→ **EXERCISE OBJECTIVE**: I'd like the data beneath this line reproduced exactly, without any of its images.

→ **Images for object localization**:
☆ ☆ ☆ ☆
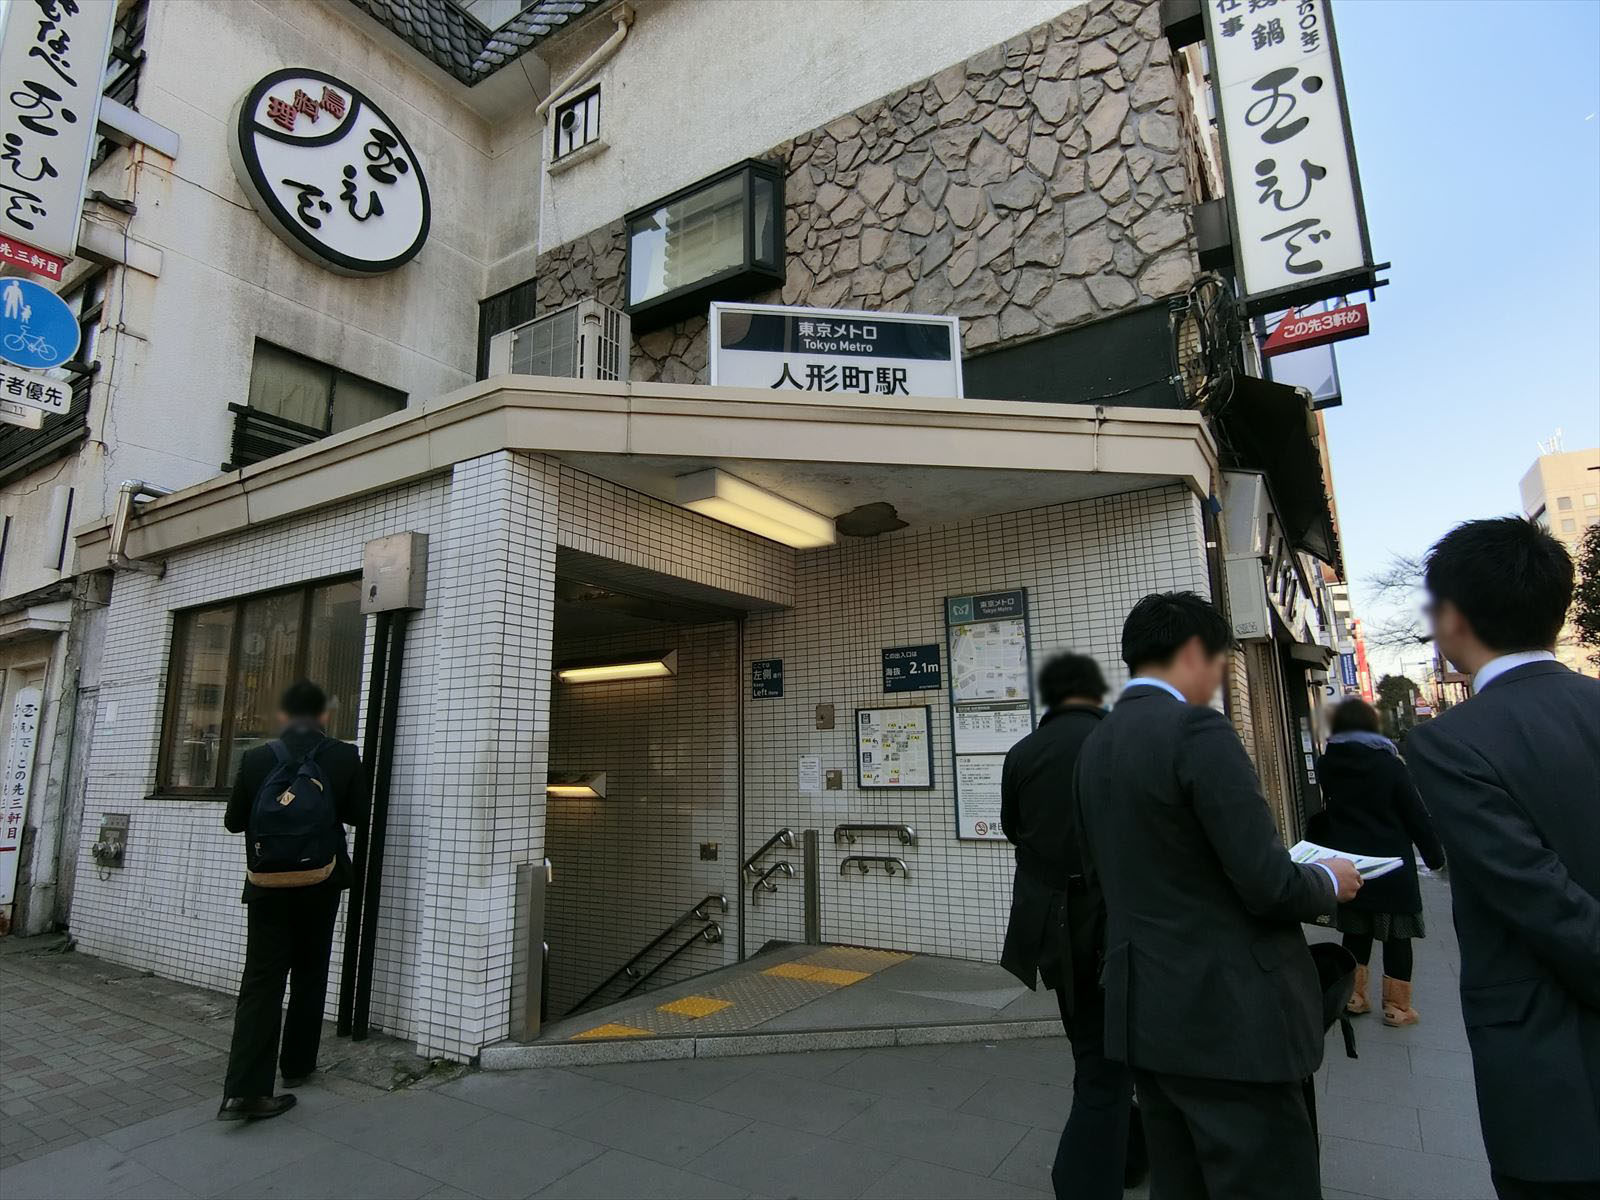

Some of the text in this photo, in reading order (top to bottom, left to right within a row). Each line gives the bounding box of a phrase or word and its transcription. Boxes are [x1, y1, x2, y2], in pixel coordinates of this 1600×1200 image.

[798, 321, 877, 340] 東京メトロ
[1283, 309, 1361, 339] この先3軒め
[803, 338, 873, 353] Tokyo Metro
[770, 362, 910, 396] 人形町駅
[909, 661, 939, 674] 2.1m
[753, 688, 768, 697] Left
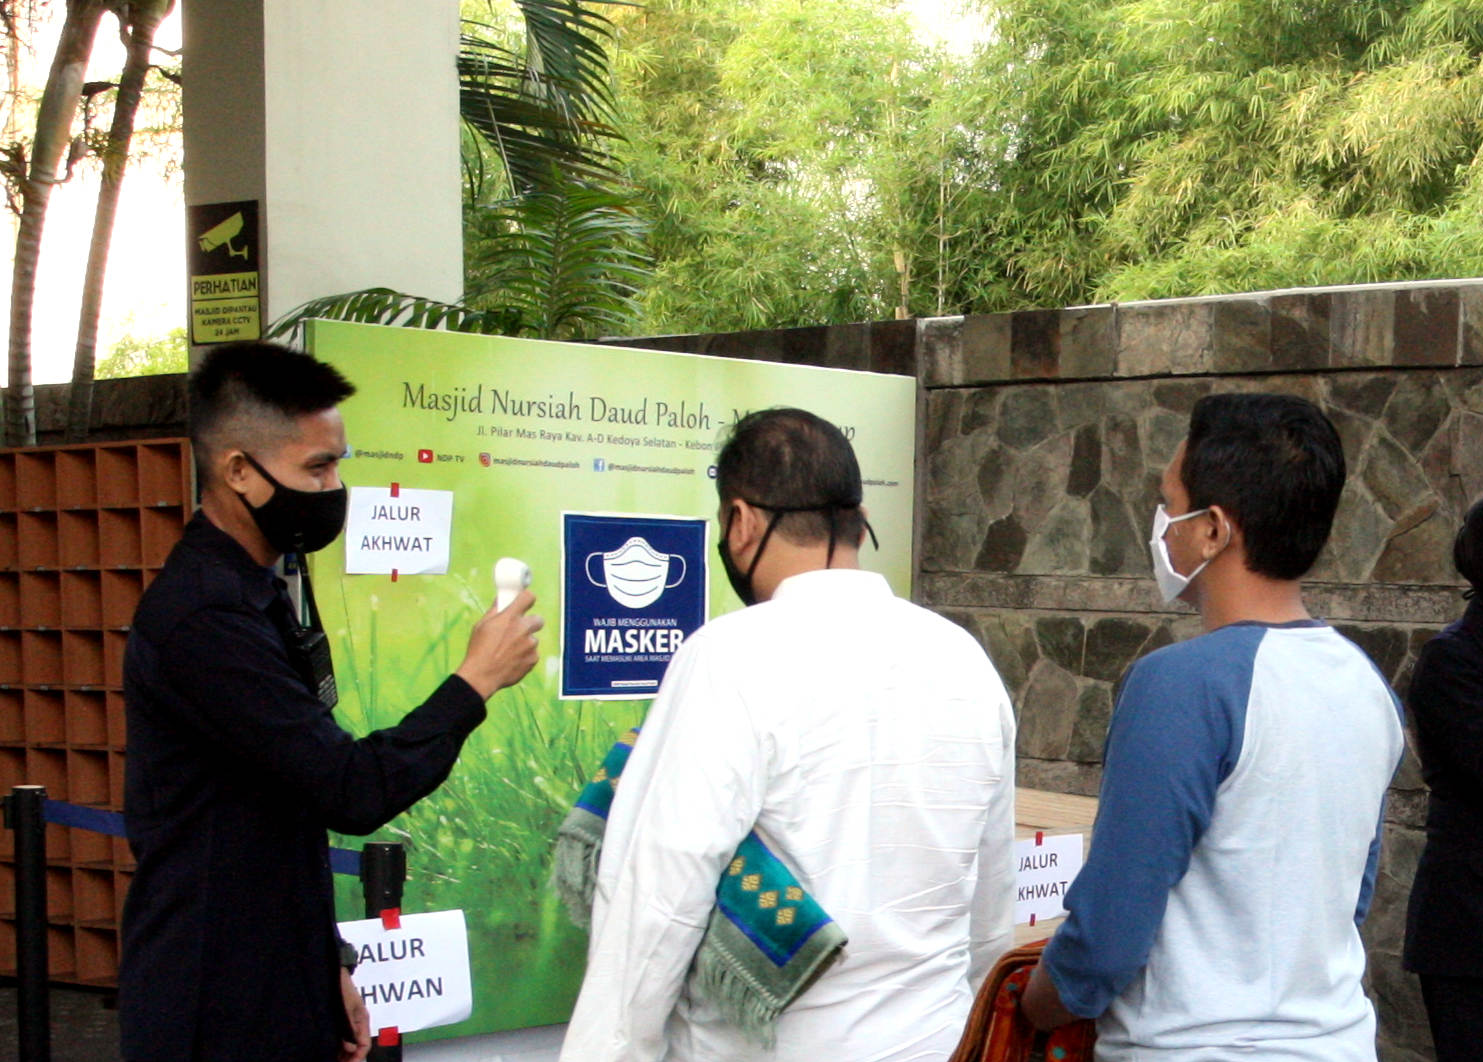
☆ ☆ ☆ ☆
→ **WRITTEN RESPONSE**:
Some of the text in this photo, in reading order (top to bottom, left to right within a row). Each line gives the bounding box of a phrase or word and its transcription. Boxes are [x1, y1, x2, y2], in pixel coordinates of this 1600×1200 image.

[798, 321, 877, 340] 東京メトロ
[1283, 309, 1361, 339] この先3軒め
[803, 338, 873, 353] Tokyo Metro
[770, 362, 910, 396] 人形町駅
[909, 661, 939, 674] 2.1m
[753, 688, 768, 697] Left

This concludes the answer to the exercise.